Enjoy. This chapter was 2 and a half years in the making. ;)
1
How a No Good, Very
Bad, Terrible Thief Became Very Good, Really Sweet, and Overwhelmingly Willing
To Help the King
Aster the Terrible
Oh
what a world!
I was at the height of my reign of
plunder. Everyone who said my name spoke it with fear or with fury. I was a thief. A pirate on dry
land. Even the pirates who sail the Seas of Mondorlan couldn’t compare to my
horrible plunders.
I
was a silent whisper slinking through the Four Kingdoms stealing everything I
could lay a finger on. Kings, queens, merchants all tried to catch me and
failed. I was surely the man who could not be caught. I avoided them for
so long I should have known my luck would eventually wear off.
Aster the
Terrible, my name, plagued the noblemen of the Four Kingdoms well into
the depths of the night. They all knew what I could do and they all hated me
for it because they knew how impossible I was to catch.

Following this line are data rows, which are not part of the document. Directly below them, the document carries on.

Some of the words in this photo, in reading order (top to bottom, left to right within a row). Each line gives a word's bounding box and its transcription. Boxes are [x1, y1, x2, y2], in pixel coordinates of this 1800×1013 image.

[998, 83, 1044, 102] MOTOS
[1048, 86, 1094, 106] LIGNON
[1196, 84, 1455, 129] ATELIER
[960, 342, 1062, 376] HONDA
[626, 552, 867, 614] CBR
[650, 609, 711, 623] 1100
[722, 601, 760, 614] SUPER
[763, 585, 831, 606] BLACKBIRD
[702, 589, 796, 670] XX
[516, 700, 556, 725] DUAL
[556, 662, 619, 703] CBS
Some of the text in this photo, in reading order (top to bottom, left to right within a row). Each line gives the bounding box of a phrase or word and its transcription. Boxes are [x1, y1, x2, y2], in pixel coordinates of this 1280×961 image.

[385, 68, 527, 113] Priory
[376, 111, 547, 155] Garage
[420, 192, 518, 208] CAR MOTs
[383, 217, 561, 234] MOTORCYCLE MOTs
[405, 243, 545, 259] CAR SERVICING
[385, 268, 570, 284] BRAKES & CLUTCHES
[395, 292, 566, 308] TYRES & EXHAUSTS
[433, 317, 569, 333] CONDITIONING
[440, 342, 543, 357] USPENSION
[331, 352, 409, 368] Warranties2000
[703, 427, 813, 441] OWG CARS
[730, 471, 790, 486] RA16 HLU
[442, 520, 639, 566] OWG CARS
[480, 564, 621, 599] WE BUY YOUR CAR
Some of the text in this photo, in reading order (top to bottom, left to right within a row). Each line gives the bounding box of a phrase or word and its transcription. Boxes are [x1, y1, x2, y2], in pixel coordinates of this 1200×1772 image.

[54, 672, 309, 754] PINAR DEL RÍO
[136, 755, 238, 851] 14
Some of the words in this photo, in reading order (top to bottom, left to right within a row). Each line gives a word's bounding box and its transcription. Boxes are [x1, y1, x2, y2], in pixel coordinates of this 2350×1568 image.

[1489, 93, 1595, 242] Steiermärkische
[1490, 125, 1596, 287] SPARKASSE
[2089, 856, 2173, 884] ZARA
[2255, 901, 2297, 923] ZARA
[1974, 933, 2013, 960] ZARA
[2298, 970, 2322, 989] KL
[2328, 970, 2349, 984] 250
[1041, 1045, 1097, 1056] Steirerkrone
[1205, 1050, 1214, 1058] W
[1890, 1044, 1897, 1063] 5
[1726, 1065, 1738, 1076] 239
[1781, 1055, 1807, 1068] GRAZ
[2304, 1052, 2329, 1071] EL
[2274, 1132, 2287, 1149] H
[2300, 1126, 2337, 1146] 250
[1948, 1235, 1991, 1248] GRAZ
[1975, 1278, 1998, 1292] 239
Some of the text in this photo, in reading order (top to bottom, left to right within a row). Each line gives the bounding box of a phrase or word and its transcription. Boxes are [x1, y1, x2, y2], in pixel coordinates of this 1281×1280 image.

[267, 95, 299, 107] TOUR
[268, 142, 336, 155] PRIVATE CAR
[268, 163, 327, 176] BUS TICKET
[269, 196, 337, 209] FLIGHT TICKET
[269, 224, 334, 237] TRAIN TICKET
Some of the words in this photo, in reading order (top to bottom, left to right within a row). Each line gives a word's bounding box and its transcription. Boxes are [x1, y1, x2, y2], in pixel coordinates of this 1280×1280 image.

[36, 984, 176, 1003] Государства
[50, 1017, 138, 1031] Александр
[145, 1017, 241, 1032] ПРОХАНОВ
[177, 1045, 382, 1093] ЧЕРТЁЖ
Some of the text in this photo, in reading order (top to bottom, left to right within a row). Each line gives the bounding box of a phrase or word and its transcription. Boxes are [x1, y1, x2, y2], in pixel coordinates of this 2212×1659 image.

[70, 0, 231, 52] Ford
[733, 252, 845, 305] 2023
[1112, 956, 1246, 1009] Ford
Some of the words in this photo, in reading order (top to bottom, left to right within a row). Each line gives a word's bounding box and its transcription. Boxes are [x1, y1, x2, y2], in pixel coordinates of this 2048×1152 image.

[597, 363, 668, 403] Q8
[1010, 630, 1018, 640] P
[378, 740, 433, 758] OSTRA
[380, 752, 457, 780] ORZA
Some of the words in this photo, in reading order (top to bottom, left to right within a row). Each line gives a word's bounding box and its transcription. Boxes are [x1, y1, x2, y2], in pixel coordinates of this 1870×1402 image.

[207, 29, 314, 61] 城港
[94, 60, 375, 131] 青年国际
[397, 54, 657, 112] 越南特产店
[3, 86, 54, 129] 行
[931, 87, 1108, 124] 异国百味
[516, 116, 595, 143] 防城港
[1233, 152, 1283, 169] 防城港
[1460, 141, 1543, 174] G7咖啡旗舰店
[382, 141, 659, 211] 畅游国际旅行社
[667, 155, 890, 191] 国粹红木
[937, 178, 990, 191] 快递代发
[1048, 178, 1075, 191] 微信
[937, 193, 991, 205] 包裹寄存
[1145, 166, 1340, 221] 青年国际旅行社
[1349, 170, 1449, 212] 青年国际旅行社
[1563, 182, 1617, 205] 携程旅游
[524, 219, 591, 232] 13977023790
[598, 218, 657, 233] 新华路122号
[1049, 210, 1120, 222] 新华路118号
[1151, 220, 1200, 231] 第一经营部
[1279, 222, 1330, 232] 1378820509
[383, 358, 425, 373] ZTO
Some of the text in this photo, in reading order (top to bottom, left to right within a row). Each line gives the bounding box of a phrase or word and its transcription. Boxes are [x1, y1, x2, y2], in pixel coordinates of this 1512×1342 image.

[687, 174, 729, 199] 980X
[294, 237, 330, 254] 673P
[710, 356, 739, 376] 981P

The underground prison is dark, dank, and
smells faintly of rotting feet. The only light comes from the torches in
brackets every ten feet down the cellblock. The flickering light casts odd, dim
shadows on everything and can seriously mess with a man’s eyes if he let them.
The walls are made of heavy gray stones carefully piled on each other and
cemented together—nothing can be wedged between the stones, nothing can dig
around them.
The doors on the cells are barely wide enough for
a regular man. They’re made of iron bars. No amount of rust, or scraping, or
kicking, can break them. The lock on the door is a padlock, roughly the size of
my fist and made for a special key and that key alone. Nothing can pick it.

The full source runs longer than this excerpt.